- [YOUR INSTRUCTIONS]
Below are records to be repeated exactly. Leave their pictures behind.

◇ ◇ ◇ ◇ ◇

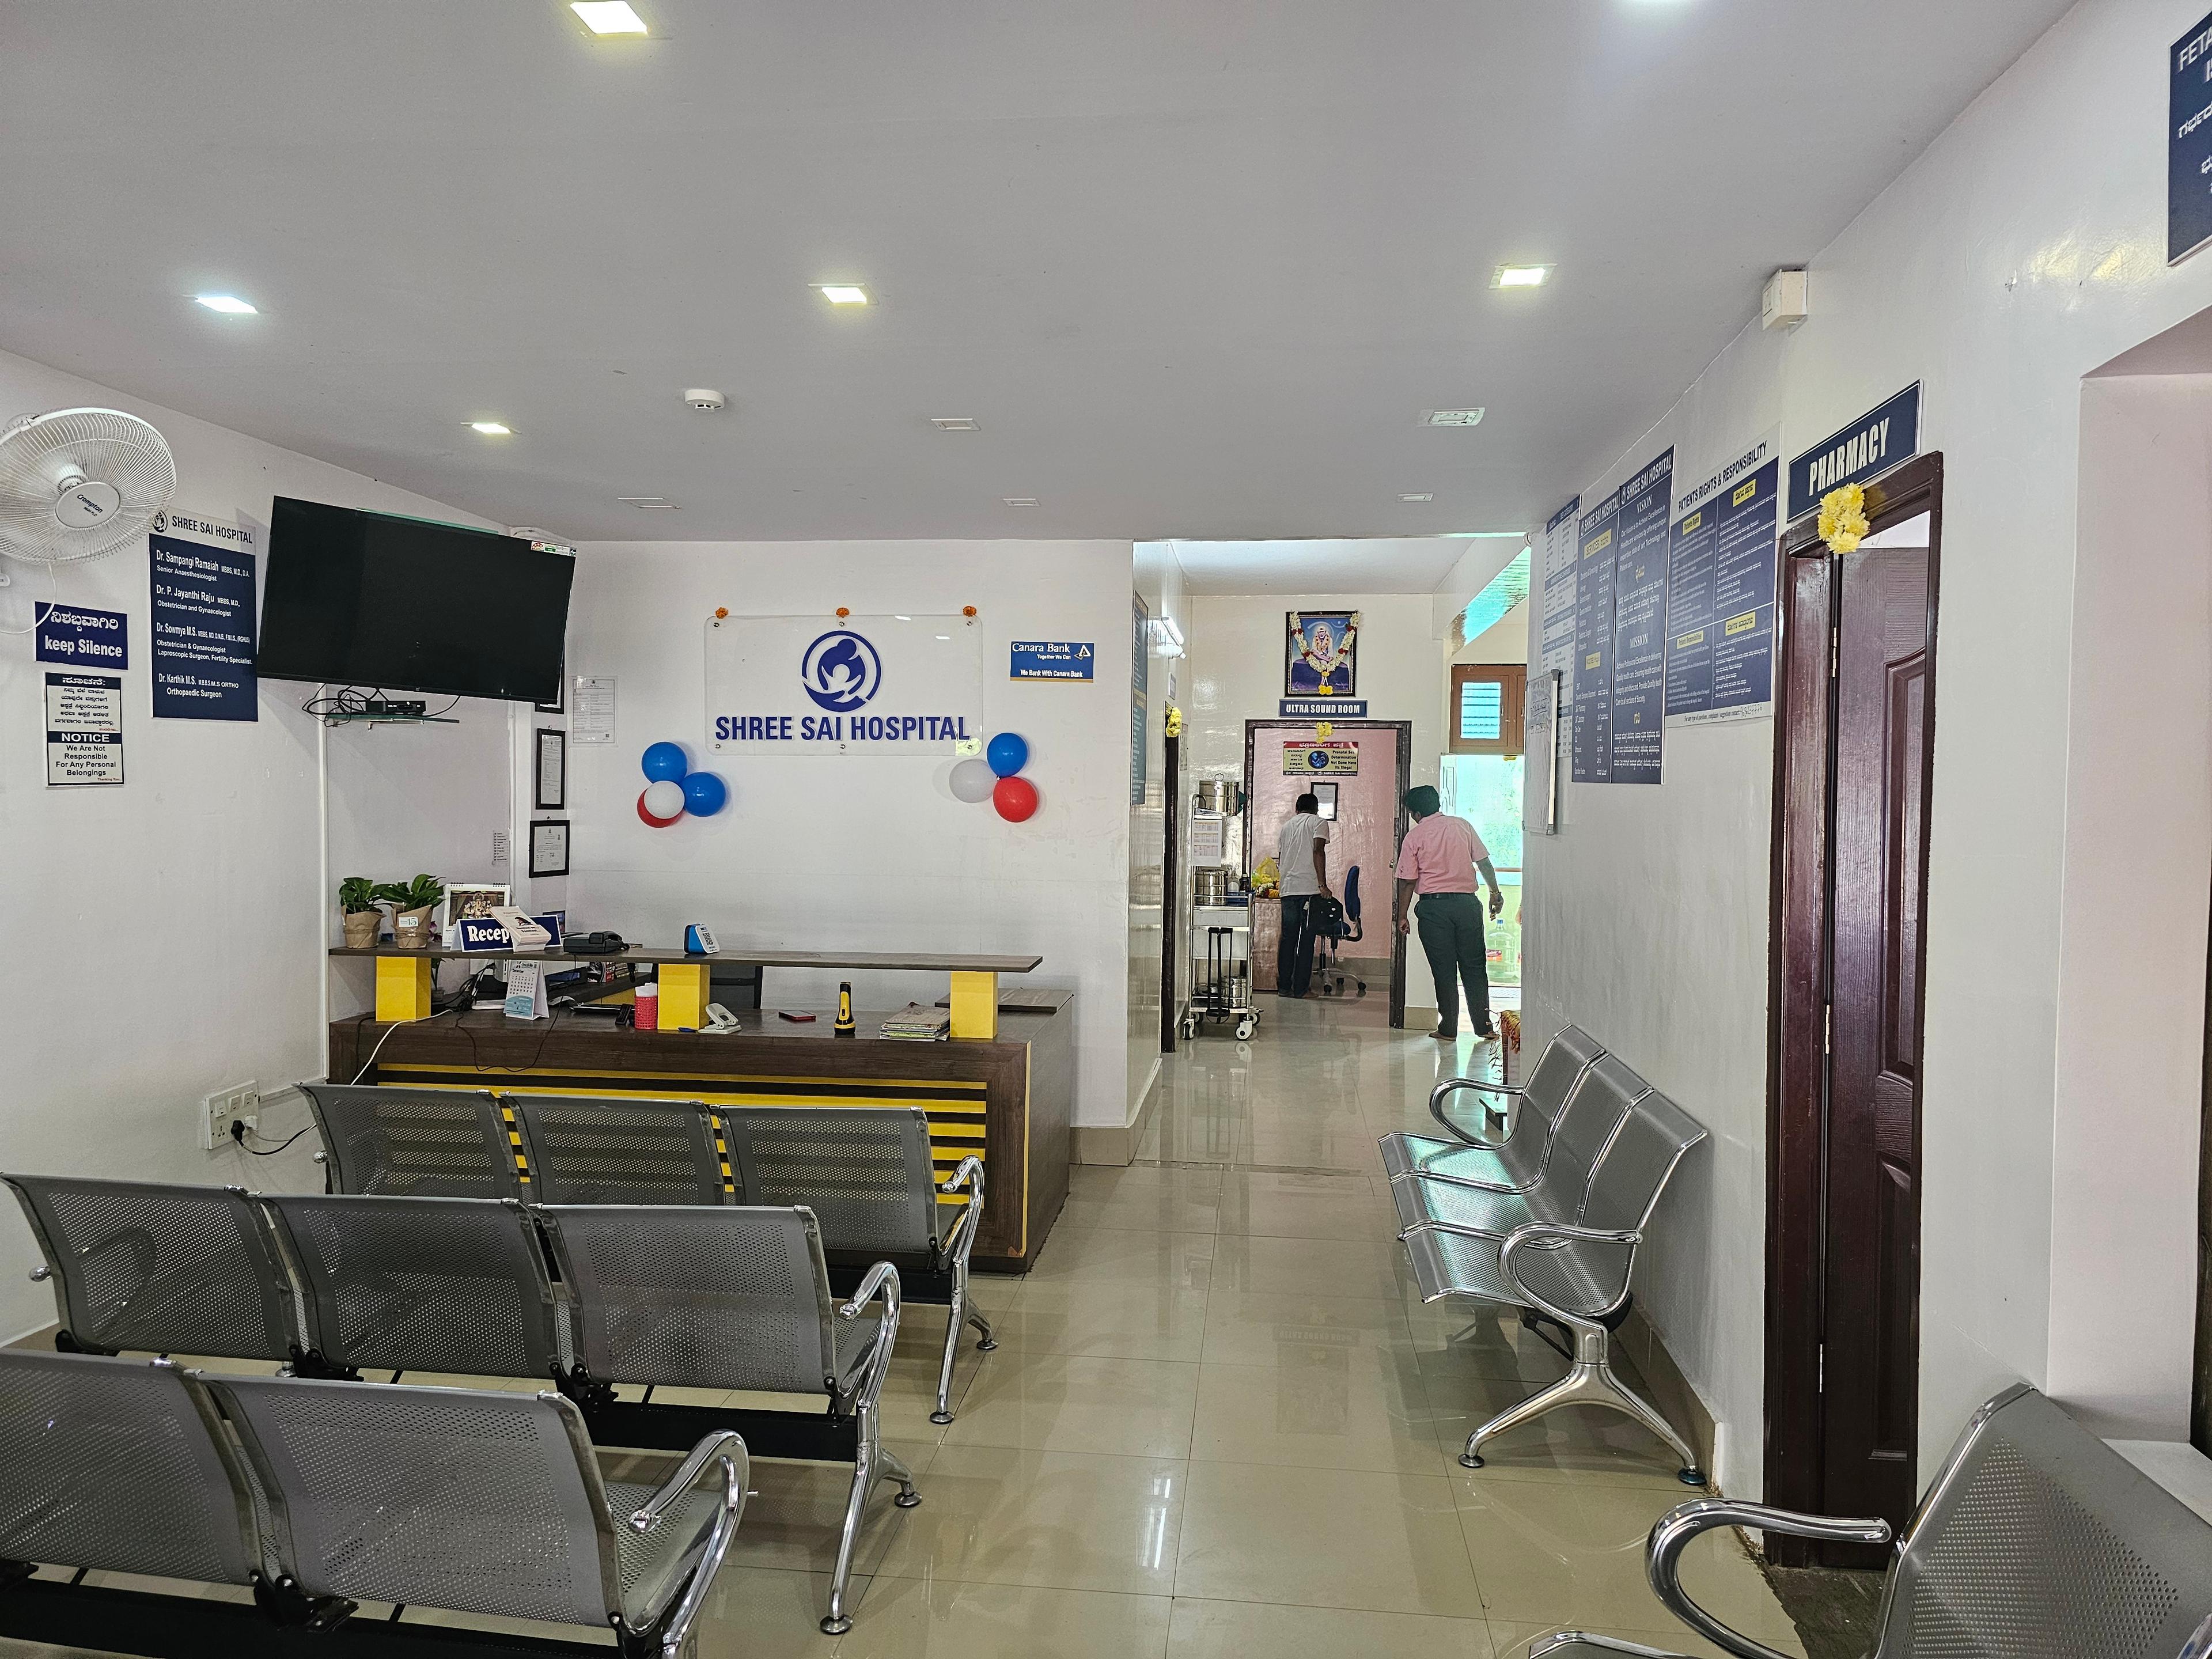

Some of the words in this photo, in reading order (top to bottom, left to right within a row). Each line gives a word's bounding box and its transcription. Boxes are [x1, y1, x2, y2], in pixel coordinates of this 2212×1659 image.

[1809, 417, 1889, 497] PHARMACY
[1627, 478, 1640, 500] SHREE
[1649, 454, 1672, 483] HOSPITAL
[1679, 488, 1698, 513] PATIENTS
[1699, 476, 1717, 499] RIGHTS
[1718, 472, 1722, 486] &
[1722, 440, 1767, 483] RESPONSIBILITY
[77, 494, 103, 513] Crompton
[1637, 494, 1653, 514] VISION
[173, 516, 198, 532] SHREE
[200, 522, 213, 535] SAI
[216, 525, 252, 544] HOSPITAL
[156, 550, 165, 561] Dr.
[166, 551, 194, 569] Sampangi
[195, 556, 219, 571] Ramaiah
[157, 565, 173, 573] Senior
[175, 568, 217, 582] Anaesthesiologist
[156, 584, 165, 594] Dr.
[167, 586, 173, 596] P.
[174, 588, 200, 600] Jayanthi
[201, 592, 214, 604] Raju
[157, 600, 187, 610] Obstetrician
[198, 607, 231, 617] Gynaecologist
[165, 623, 186, 637] Sowmya
[187, 626, 197, 637] M.S.
[45, 635, 75, 655] keep
[78, 639, 122, 657] Silence
[157, 639, 187, 649] Obstetrician
[192, 643, 226, 654] Gynaecologist
[1012, 643, 1044, 652] Canara
[1047, 643, 1070, 653] Bank
[1630, 633, 1649, 649] MISSION
[158, 649, 188, 659] Laproscopic
[189, 652, 211, 661] Surgeon,
[211, 654, 228, 663] Fertility
[167, 674, 185, 684] Karthik
[185, 676, 196, 685] M.S.
[167, 687, 200, 697] Orthopaedic
[200, 690, 222, 699] Surgeon
[1286, 704, 1309, 713] ULTRA
[1310, 704, 1336, 714] SOUND
[1338, 704, 1360, 714] ROOM
[715, 716, 793, 741] SHREE
[801, 716, 842, 741] SAI
[851, 716, 971, 741] HOSPITAL
[61, 733, 110, 743] NOTICE
[467, 925, 510, 944] Recep

◇ ◇ ◇ ◇ ◇

- [ANSWER SECTION]
Some of the words in this photo, in reading order (top to bottom, left to right within a row). Each line gives a word's bounding box and its transcription. Boxes are [x1, y1, x2, y2], in pixel coordinates of this 2212×1659 image.

[1809, 417, 1889, 497] PHARMACY
[1627, 478, 1640, 500] SHREE
[1649, 454, 1672, 483] HOSPITAL
[1679, 488, 1698, 513] PATIENTS
[1699, 476, 1717, 499] RIGHTS
[1718, 472, 1722, 486] &
[1722, 440, 1767, 483] RESPONSIBILITY
[77, 494, 103, 513] Crompton
[1637, 494, 1653, 514] VISION
[173, 516, 198, 532] SHREE
[200, 522, 213, 535] SAI
[216, 525, 252, 544] HOSPITAL
[156, 550, 165, 561] Dr.
[166, 551, 194, 569] Sampangi
[195, 556, 219, 571] Ramaiah
[157, 565, 173, 573] Senior
[175, 568, 217, 582] Anaesthesiologist
[156, 584, 165, 594] Dr.
[167, 586, 173, 596] P.
[174, 588, 200, 600] Jayanthi
[201, 592, 214, 604] Raju
[157, 600, 187, 610] Obstetrician
[198, 607, 231, 617] Gynaecologist
[165, 623, 186, 637] Sowmya
[187, 626, 197, 637] M.S.
[45, 635, 75, 655] keep
[78, 639, 122, 657] Silence
[157, 639, 187, 649] Obstetrician
[192, 643, 226, 654] Gynaecologist
[1012, 643, 1044, 652] Canara
[1047, 643, 1070, 653] Bank
[1630, 633, 1649, 649] MISSION
[158, 649, 188, 659] Laproscopic
[189, 652, 211, 661] Surgeon,
[211, 654, 228, 663] Fertility
[167, 674, 185, 684] Karthik
[185, 676, 196, 685] M.S.
[167, 687, 200, 697] Orthopaedic
[200, 690, 222, 699] Surgeon
[1286, 704, 1309, 713] ULTRA
[1310, 704, 1336, 714] SOUND
[1338, 704, 1360, 714] ROOM
[715, 716, 793, 741] SHREE
[801, 716, 842, 741] SAI
[851, 716, 971, 741] HOSPITAL
[61, 733, 110, 743] NOTICE
[467, 925, 510, 944] Recep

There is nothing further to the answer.